Ambizione. Coraggio. Intelligenza. Lealtà.
Insieme, sono la perfezione.
Ambizione di arrivare in alto, di divenire grande, potente.
Coraggio di ammettere i propri sbagli, di pensare agli altri prima che di se stesso.
Intelligenza di prevedere eventi, di usare le proprie capacità per il bene comune.
Lealtà verso se stessi, verso gli altri.
Da sole, senza una di queste cose, un uomo non è niente.
Quattro vite. Quattro persone.
Quattro persone che hanno forgiato un mondo, una civiltà, un'era.

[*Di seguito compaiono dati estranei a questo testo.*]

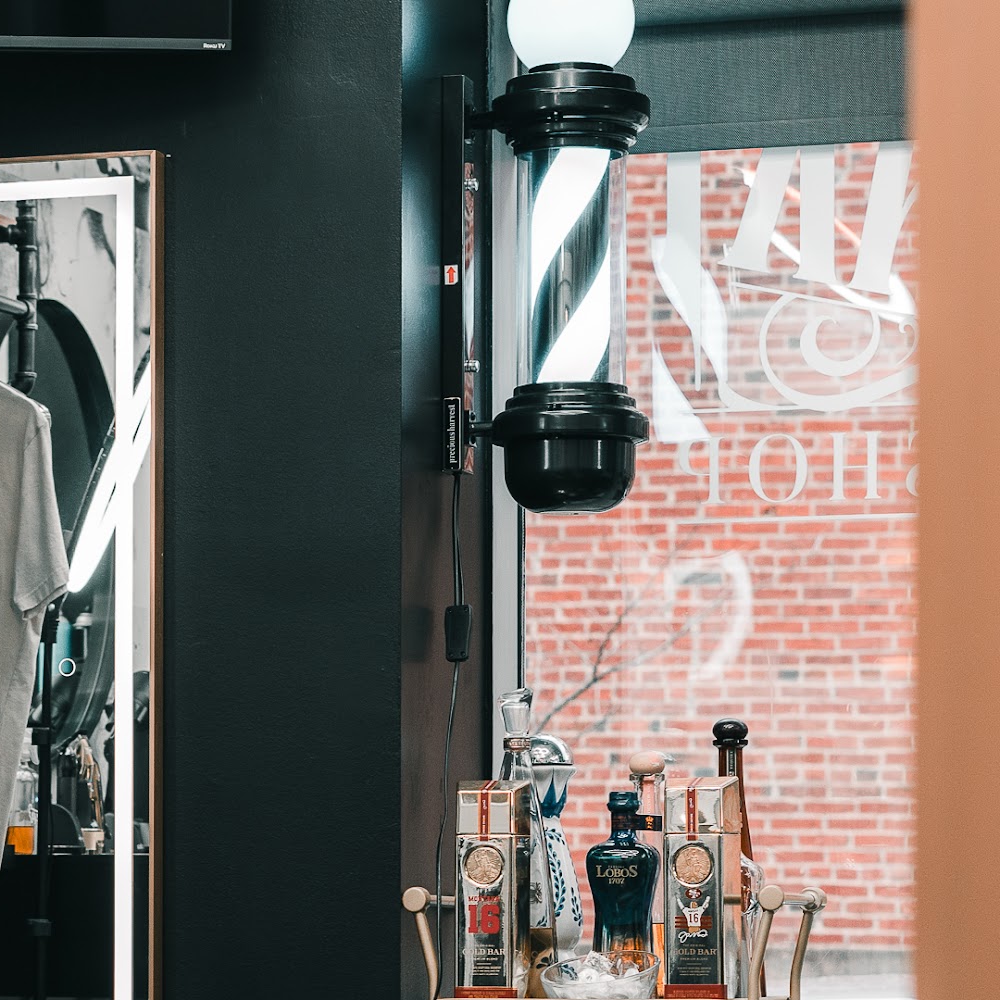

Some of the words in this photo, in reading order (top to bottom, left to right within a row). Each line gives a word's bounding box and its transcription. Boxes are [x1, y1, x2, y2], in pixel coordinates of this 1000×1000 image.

Quattro persone che sono divenute immortali, non nella carne, ma nella memoria.
Quattro ombre del passato, sedute su quattro troni d'oro massiccio intarsiati con gemme preziose.
Noi li vediamo così, semplicemente irrangiungibili, mistici.
Ombre di un'era passata, ma anche loro erano uomini, anche loro avevano una vita.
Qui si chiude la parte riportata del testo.